Y sí, han cremado bebés, incluso extremidades amputadas. “Hasta un pie nos han traído”, comenta. Para eso, los familiares solo deben presentar una constancia médica y se entrega una urna, igual que en cualquier otro caso.
Los planes a futuro incluyen un nuevo panteón en un predio de casi 4 hectáreas. Ahí piensan construir capillas, mausoleos y trasladar un horno más moderno, con mayor capacidad. La idea es ofrecer servicios más rápidos, eficientes… y también espacios más bellos. Sueñan con un panteón estilo americano, aunque adaptado a la sequía de la zona: con cactus, plantas resistentes y un diseño digno para el descanso final.

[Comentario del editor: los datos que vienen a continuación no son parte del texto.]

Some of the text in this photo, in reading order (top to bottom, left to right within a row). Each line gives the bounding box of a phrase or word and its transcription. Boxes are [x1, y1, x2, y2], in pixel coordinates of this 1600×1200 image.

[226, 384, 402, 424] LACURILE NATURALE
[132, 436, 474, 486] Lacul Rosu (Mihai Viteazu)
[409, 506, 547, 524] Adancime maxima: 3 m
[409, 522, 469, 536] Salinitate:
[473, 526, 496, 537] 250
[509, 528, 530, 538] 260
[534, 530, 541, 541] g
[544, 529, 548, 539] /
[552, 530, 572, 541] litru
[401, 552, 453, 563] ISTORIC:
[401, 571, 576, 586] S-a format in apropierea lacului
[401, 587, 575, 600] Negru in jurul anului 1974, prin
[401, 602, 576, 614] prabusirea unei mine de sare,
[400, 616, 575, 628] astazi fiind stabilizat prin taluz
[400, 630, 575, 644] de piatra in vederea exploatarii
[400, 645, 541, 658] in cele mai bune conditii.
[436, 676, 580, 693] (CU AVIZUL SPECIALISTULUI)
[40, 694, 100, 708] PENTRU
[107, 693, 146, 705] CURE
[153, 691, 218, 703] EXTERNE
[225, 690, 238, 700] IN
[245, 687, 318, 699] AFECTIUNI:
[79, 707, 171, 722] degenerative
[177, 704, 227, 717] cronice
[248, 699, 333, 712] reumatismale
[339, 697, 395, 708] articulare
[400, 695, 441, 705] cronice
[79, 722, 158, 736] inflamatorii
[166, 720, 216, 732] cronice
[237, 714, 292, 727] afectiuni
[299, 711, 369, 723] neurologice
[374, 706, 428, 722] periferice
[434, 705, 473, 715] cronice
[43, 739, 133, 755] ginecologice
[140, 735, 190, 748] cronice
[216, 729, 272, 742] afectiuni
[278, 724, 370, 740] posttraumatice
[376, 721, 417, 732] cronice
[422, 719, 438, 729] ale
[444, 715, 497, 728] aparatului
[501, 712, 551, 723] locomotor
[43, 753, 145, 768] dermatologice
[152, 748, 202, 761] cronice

La otra cara del crematorio: relicarios, embalsamamiento y despedidas dignas
Además de inaugurar el primer crematorio en Tula, el equipo detrás de esta funeraria también ha desarrollado servicios poco comunes en la región, como los relicarios para llevar cenizas en pulseras o dijes, y hasta ha considerado un proyecto de cremación para mascotas. “Una vez nos preguntaron si podíamos cremar un loro”, recuerda con una sonrisa el entrevistado. Aunque todavía no lo hacen, no descartan incluir un espacio para animales en el futuro.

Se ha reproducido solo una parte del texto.